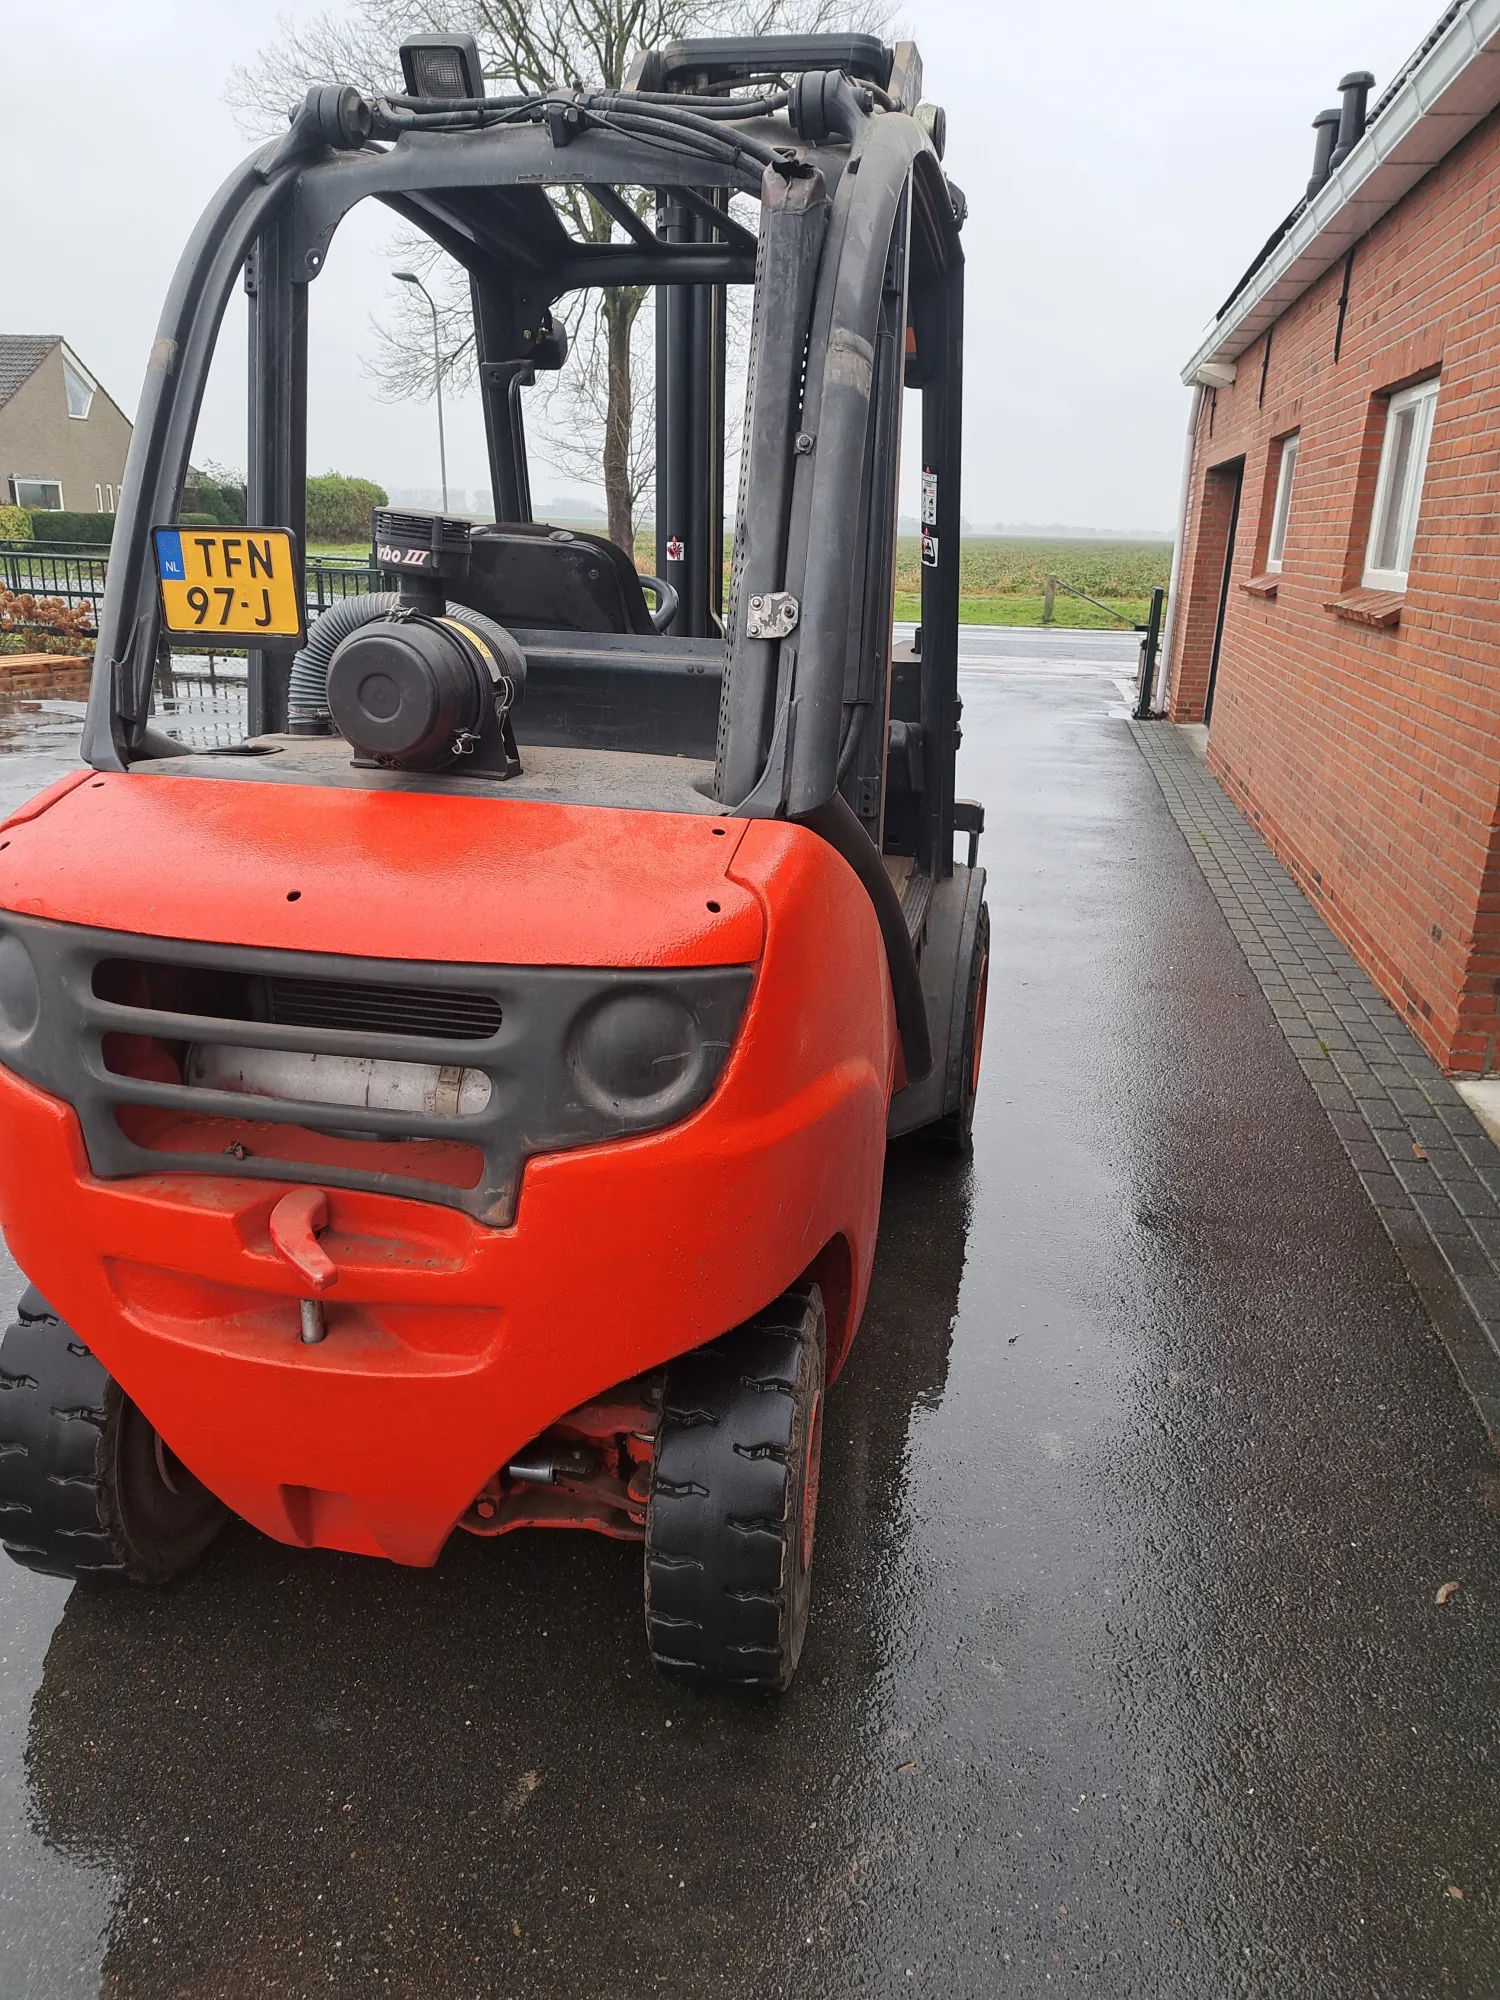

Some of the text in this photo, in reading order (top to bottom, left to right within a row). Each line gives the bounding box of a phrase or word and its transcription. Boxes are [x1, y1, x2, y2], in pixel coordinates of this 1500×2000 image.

[165, 561, 180, 573] NL
[194, 538, 275, 579] TFN
[377, 543, 430, 566] rbo III
[186, 586, 272, 627] 97-J
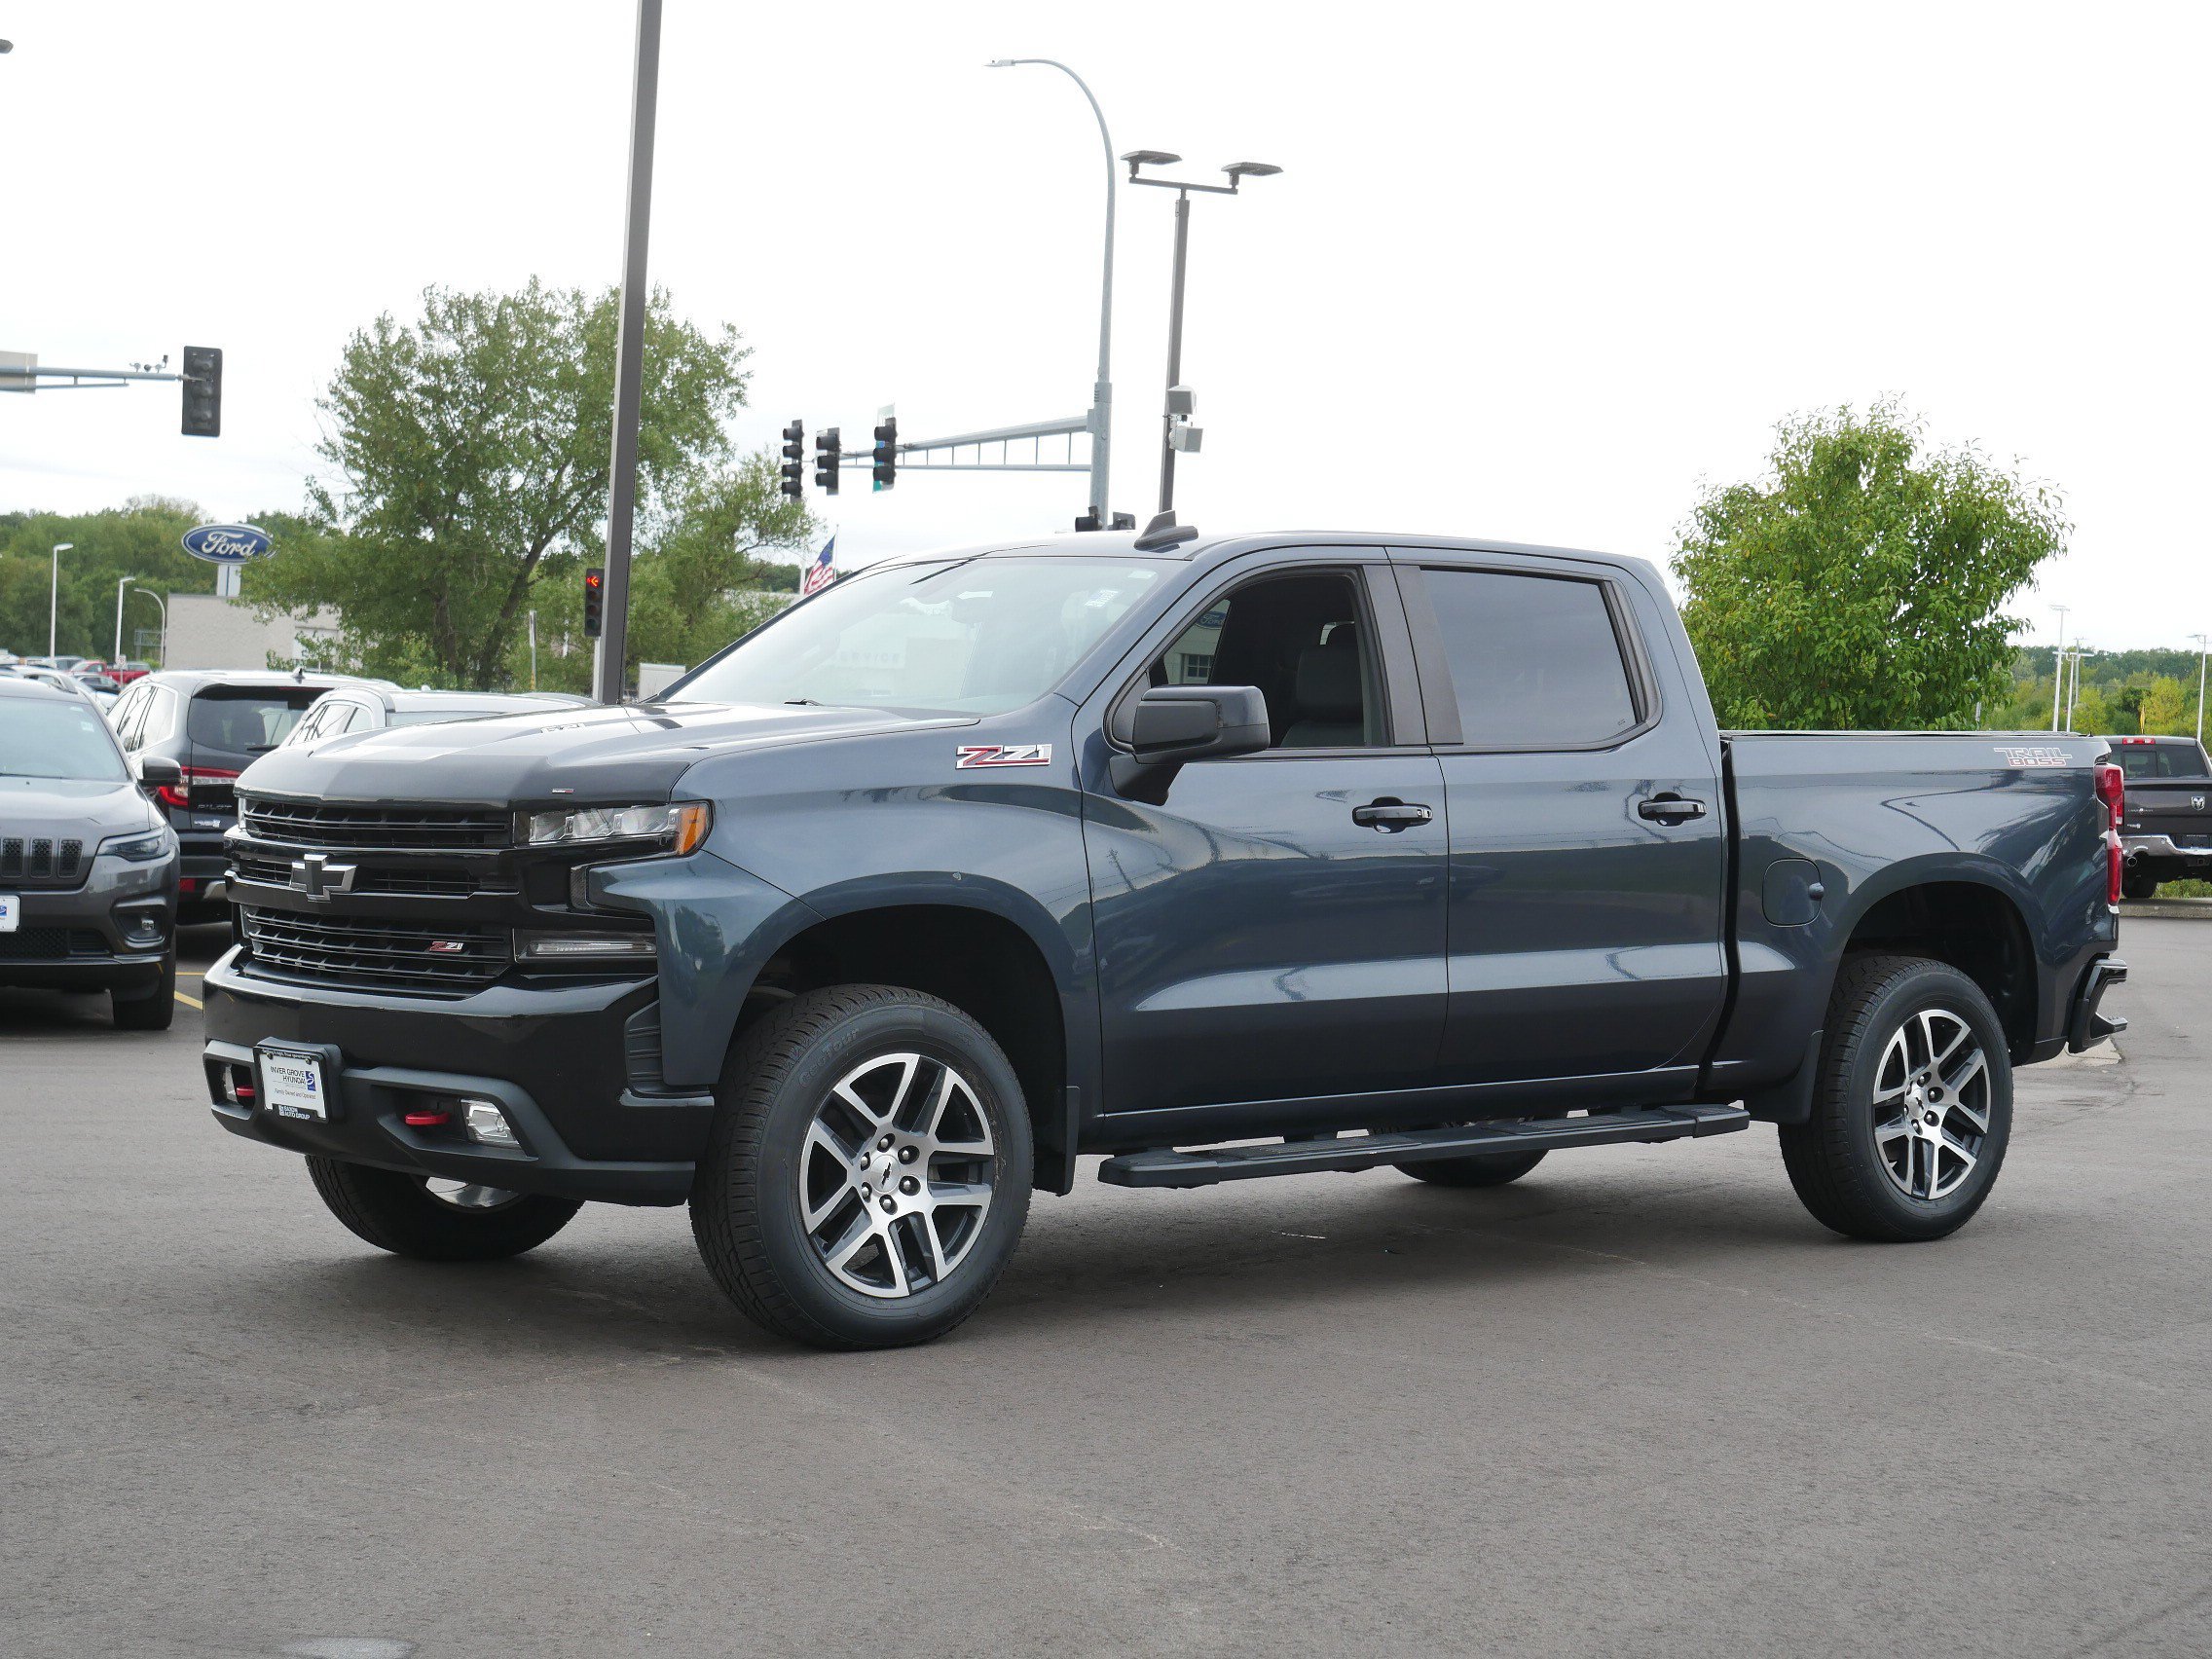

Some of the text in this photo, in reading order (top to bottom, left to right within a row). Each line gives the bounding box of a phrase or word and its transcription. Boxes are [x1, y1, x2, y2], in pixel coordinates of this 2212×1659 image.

[202, 531, 257, 556] Ford
[955, 744, 1051, 769] Z71
[1993, 747, 2073, 758] TRAIL
[2008, 757, 2066, 766] BOSS
[429, 940, 464, 953] Z71
[270, 1066, 286, 1075] INVER
[282, 1076, 306, 1085] HYUNDAI
----
> **WHAT IS EXPECTED**
Copy out nothing but text: transcribe the listing exactly and skip each picture.

> **EXERCISE OUTPUT**
Some of the text in this photo, in reading order (top to bottom, left to right within a row). Each line gives the bounding box of a phrase or word and its transcription. Boxes are [x1, y1, x2, y2], in pixel coordinates of this 1500×2000 image.

[165, 561, 180, 573] NL
[194, 538, 275, 579] TFN
[377, 543, 430, 566] rbo III
[186, 586, 272, 627] 97-J

Some of the text in this photo, in reading order (top to bottom, left to right within a row). Each line gives the bounding box of a phrase or word and its transcription. Boxes are [x1, y1, x2, y2], in pixel coordinates of this 2212×1659 image.

[202, 531, 257, 556] Ford
[955, 744, 1051, 769] Z71
[1993, 747, 2073, 758] TRAIL
[2008, 757, 2066, 766] BOSS
[429, 940, 464, 953] Z71
[270, 1066, 286, 1075] INVER
[282, 1076, 306, 1085] HYUNDAI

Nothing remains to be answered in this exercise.